If the city releases individual teachers’ effectiveness ratings this week, some teachers could see their own scores for the first time in the media.
Nearly 45 percent of the teachers who received teacher data reports this year have not yet downloaded them, a Department of Education spokesman said today. But some teachers told GothamSchools today that there has been confusion about how they could access their reports.
The city originally told teachers that the reports would be kept confidential between themselves and their principals. But city officials said today they planned to publicly release teachers’ ratings in response to Freedom of Information Law requests from several news outlets. The city teachers union is suing to try to stop the release.
Teachers can see their ratings either by downloading their report online or by getting a copy from their principals. The city e-mailed teachers log-in information to download their reports, but several teachers reported that they never received that information.

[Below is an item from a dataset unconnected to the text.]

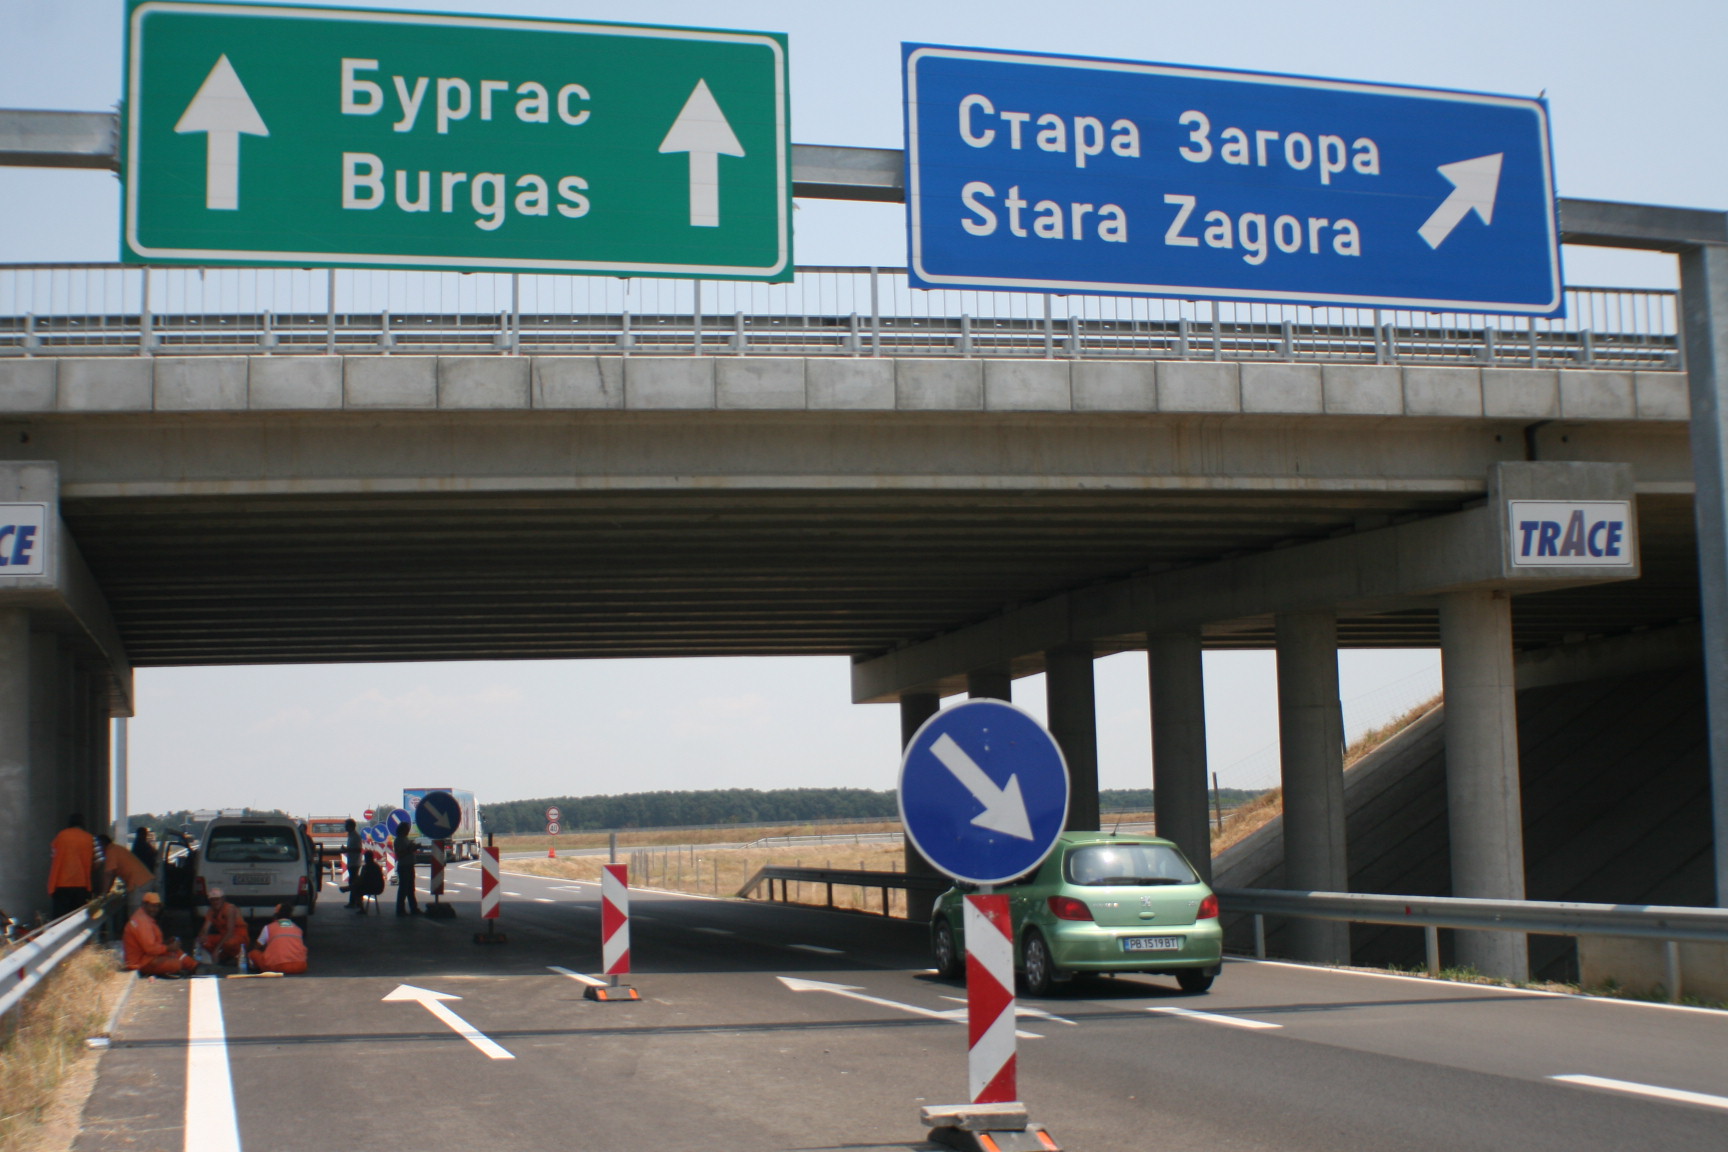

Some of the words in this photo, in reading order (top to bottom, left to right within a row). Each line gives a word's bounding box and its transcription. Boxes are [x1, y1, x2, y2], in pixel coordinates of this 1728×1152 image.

One literacy teacher, for example, said that her school never distributed information about the reports, and she learned she could access the report online only after reading GothamSchools contributor Ruben Brosbe’s account of technical difficulties in obtaining his report. Since then, she said, she’s requested a password but has not received it.
A week before the city released this year’s reports to teachers in February, department officials shared them with principals and instructed them to share them with teachers. “Although teachers will be able to see their own reports this year, you are expected to have one-to-one conversations with each eligible teacher about his/her report,” said a DOE memo.
But the extent to which principals discussed the reports with their teachers is unclear. In 2009, department officials estimated that 80 percent of principals spoke with their teachers about the reports.